Definitely the ang*l*e, but in fact it is a bit bigger



> New Jackson Sig model based on my 1987 NY soloist. Mahogany body with
> maple top, silver burst. Same neck. *3/16 *bigger all the way around.


----------



## lefty robb (Mar 27, 2010)

Far too plain for my tastes.


----------



## Paulfocused (Mar 27, 2010)

If it had a BKP Miracle Man or Lundgren M6 in the bridge I'd totally steal it


----------



## Demeyes (Mar 27, 2010)

I hate the finish on that. I also don't like how it looks with only 1 pickup. I don't mind the inlays too much but it's a pretty poor custom overall I think.


----------



## Justin Bailey (Mar 27, 2010)

I like it


----------



## Andromalia (Mar 27, 2010)

Quite "meh" to me. Nothing special, a run of the mill dinky.


----------



## SpaceDock (Mar 27, 2010)

ibanez254 said:


> Man silverburst is killer! I'm not too fond of the inlays though, but it's a ton better than....

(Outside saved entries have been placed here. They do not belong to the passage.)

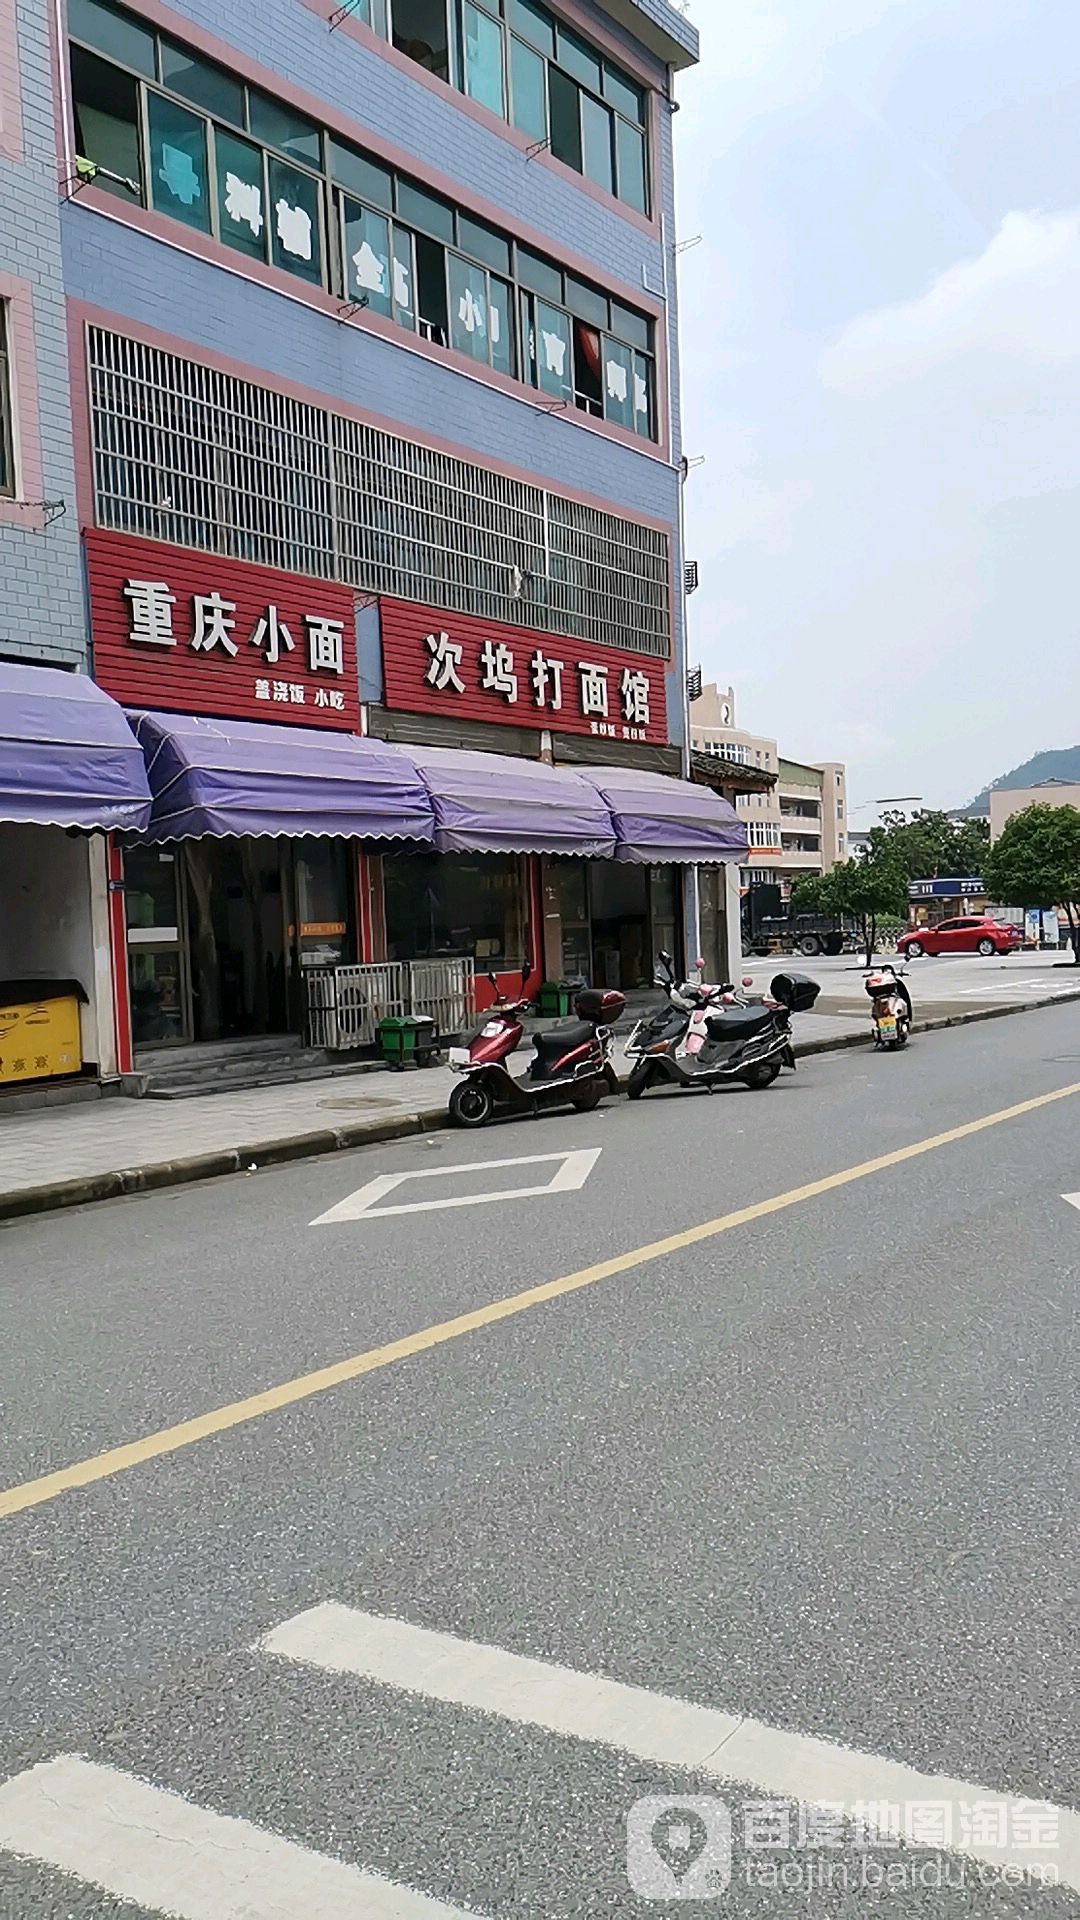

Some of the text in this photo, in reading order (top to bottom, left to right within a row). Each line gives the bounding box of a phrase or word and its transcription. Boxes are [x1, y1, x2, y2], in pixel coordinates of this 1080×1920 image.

[123, 578, 345, 675] 重庆小面
[255, 678, 345, 710] 盖浇饭 小吃
[426, 631, 650, 725] 次坞打面馆
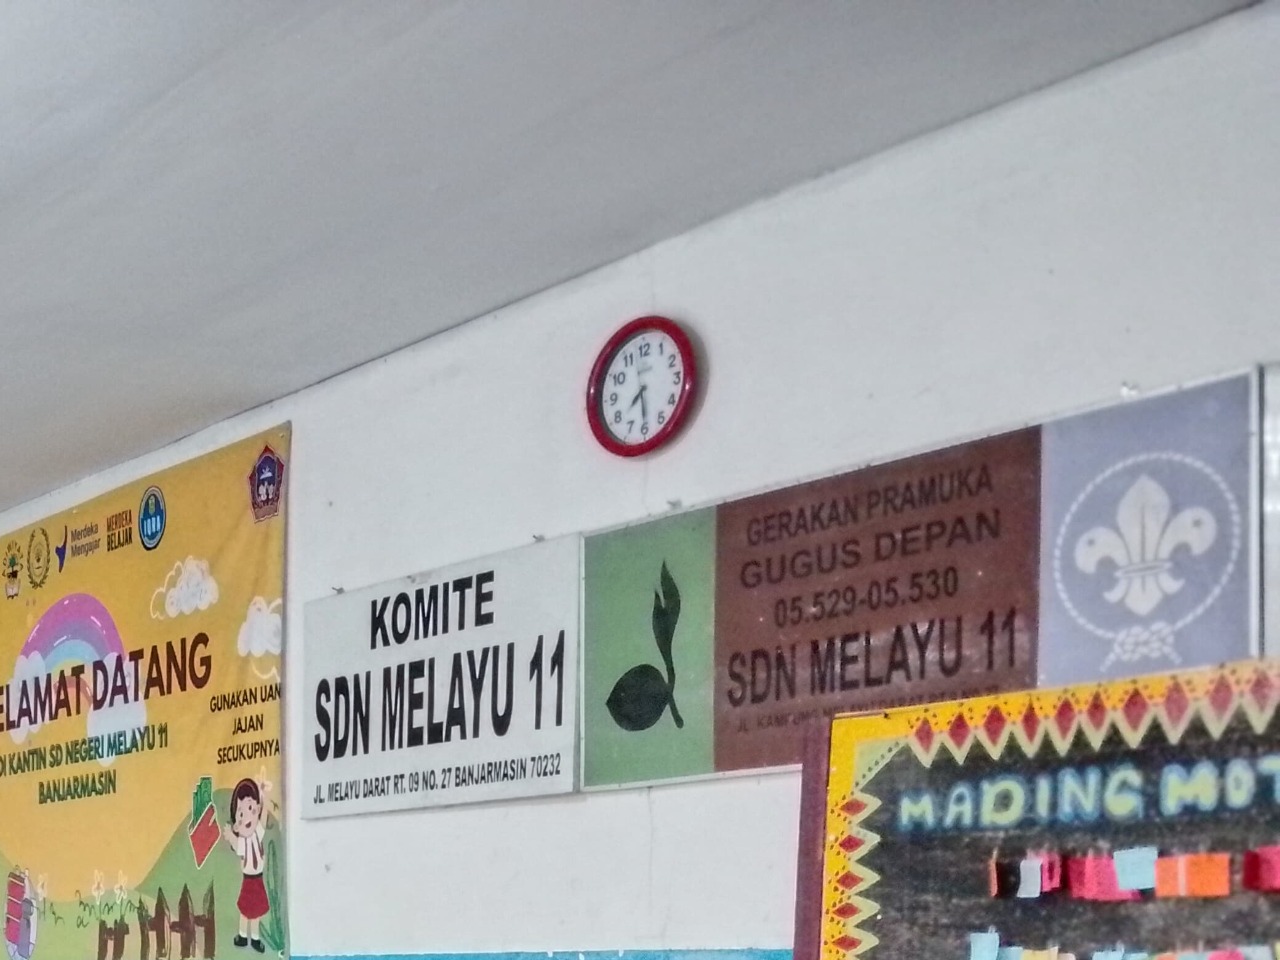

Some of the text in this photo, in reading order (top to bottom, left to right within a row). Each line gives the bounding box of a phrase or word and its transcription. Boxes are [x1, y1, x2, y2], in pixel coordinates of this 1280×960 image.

[638, 342, 651, 357] 12
[659, 342, 664, 356] 1
[624, 354, 634, 368] 11
[668, 354, 676, 368] 2
[613, 372, 626, 386] 10
[673, 371, 681, 385] 3
[610, 392, 618, 406] 9
[668, 393, 676, 406] 4
[614, 410, 622, 423] 8
[627, 420, 635, 434] 7
[657, 411, 665, 425] 5
[641, 422, 649, 435] 6
[746, 463, 992, 546] GERAKAN PRAMUKA
[71, 522, 99, 542] Merdeka
[107, 509, 133, 533] MERDEKA
[107, 527, 133, 552] BELAJAR
[740, 509, 1001, 589] GUGUS DEPAN
[370, 570, 495, 650] KOMITE
[727, 646, 797, 708] SDN
[810, 615, 963, 696] MELAYU
[980, 606, 1018, 671] 11
[92, 632, 212, 711] DATANG
[210, 687, 258, 713] GUNAKAN
[314, 629, 565, 762] SDN MELAYU 11
[232, 713, 264, 736] JAJAN
[8, 746, 47, 776] KANTIN
[49, 743, 63, 768] SD
[65, 737, 105, 764] NEGERI
[106, 725, 155, 760] MELAYU
[157, 722, 169, 750] 11
[217, 738, 281, 765] SECUKUPNYA
[38, 770, 117, 805] BANJARMASIN
[327, 779, 361, 802] MELAYU
[363, 776, 391, 798] DARAT
[393, 773, 407, 795] RT.
[408, 771, 419, 793] 09
[421, 769, 438, 792] NO.
[441, 767, 452, 790] 27
[454, 757, 527, 788] BANJARMASIN
[530, 752, 561, 779] 70232
[899, 763, 1144, 832] MADING
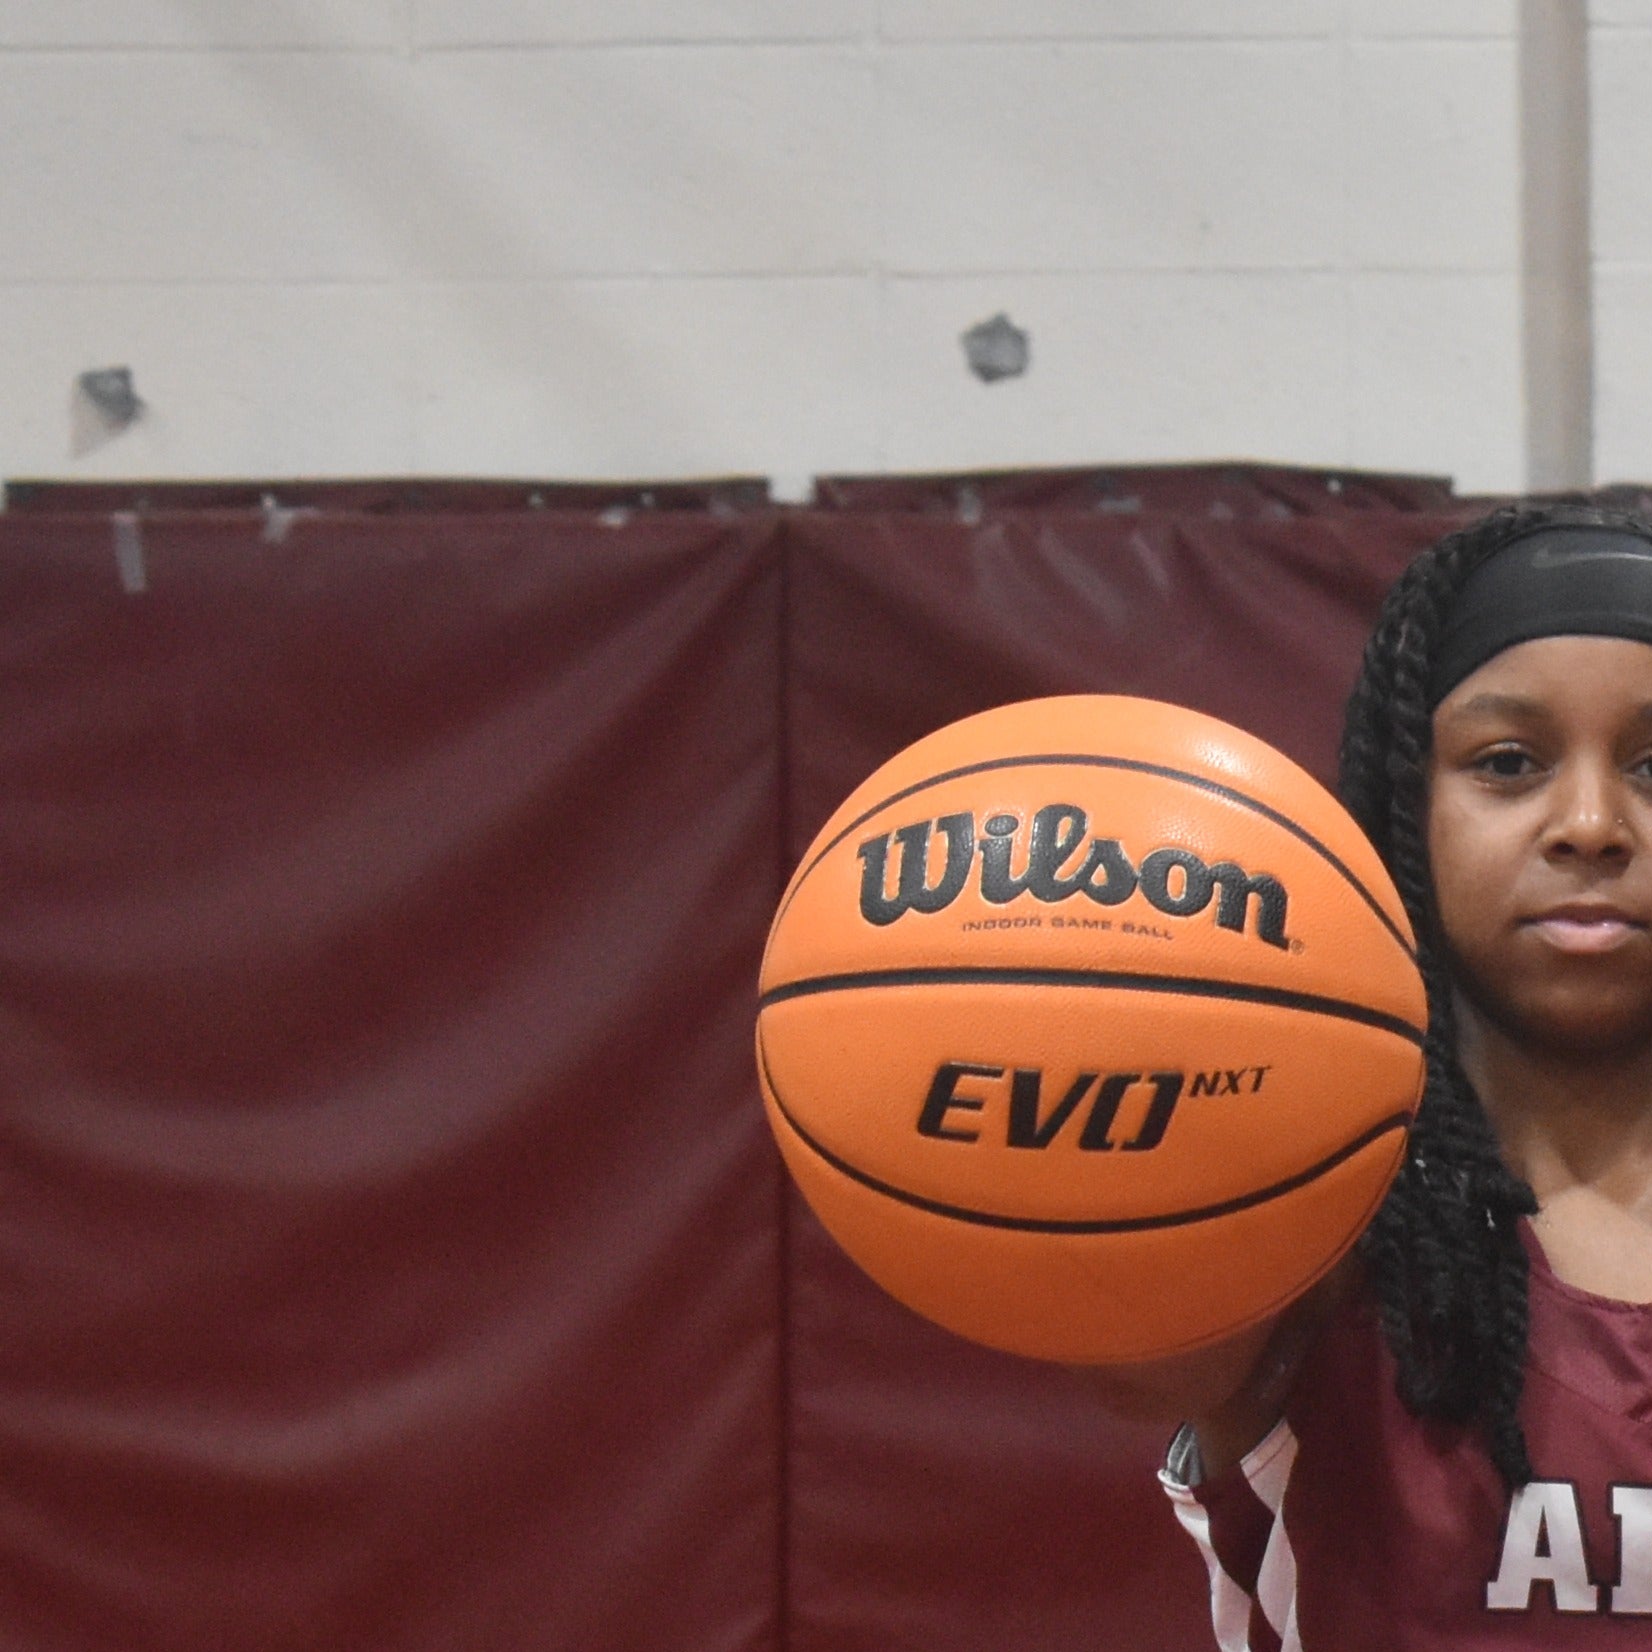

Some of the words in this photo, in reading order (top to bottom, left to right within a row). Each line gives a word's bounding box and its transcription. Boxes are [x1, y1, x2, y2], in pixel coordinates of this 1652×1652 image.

It's like some chick went superbad on it!


----------



## Ben.Last (Mar 27, 2010)

Eh. It's obviously something actually built to his taste and that he'd use on a regular basis on tour. Nothing fancy.


----------



## Paulfocused (Mar 27, 2010)

SpaceDock said:


> It's like some chick went superbad on it!



hahahahah


----------



## sPliNtEr_777 (Mar 27, 2010)

Its like a COW with a string missing and ugly inlays. Definitely NOT the best guitar he's had...  see what I did there?


----------



## BlindingLight7 (Mar 27, 2010)

It's a COW with inlays n binding...cool...


----------



## Sebastian (Mar 27, 2010)

BlindingLight7 said:


> It's a COW with inlays n binding...cool...



Missing the reversed headstock .. but guess that's a good description  ...


----------



## MFB (Mar 28, 2010)

Single humbucker is single and boring
Tacky inlays are tacky
Jackson with Scott Ian back is good

Overall, still very meh and makes me wish if this DOES go to production - we get a neck humbucker and a blank board or shark fins


----------



## vhmetalx (Mar 28, 2010)

i dont like it.


----------



## Evil7 (Mar 28, 2010)

I agree it looks bland boring...... cant really place what it is....
I like single pickup humbucker metal guitars btw


----------



## jymellis (Mar 28, 2010)

i think its fuckin awesome maing!


----------



## tian (Mar 28, 2010)

jymellis said:


> i think its fuckin awesome maing!


----------



## Prydogga (Mar 28, 2010)

I don't know, The inlays aren't my thing, it's boring looking rosewood, I only like Silverbursts in some cases, and it has pickup rings, probably plays like a beast though. Although didn't Scott Ian only hook up with Washburn a year or two ago?


----------



## Murmel (Mar 28, 2010)

Prydogga said:


> I don't know, The inlays aren't my thing, it's boring looking rosewood, I only like Silverbursts in some cases, and it has pickup rings, probably plays like a beast though. Although didn't Scott Ian only hook up with Washburn a year or two ago?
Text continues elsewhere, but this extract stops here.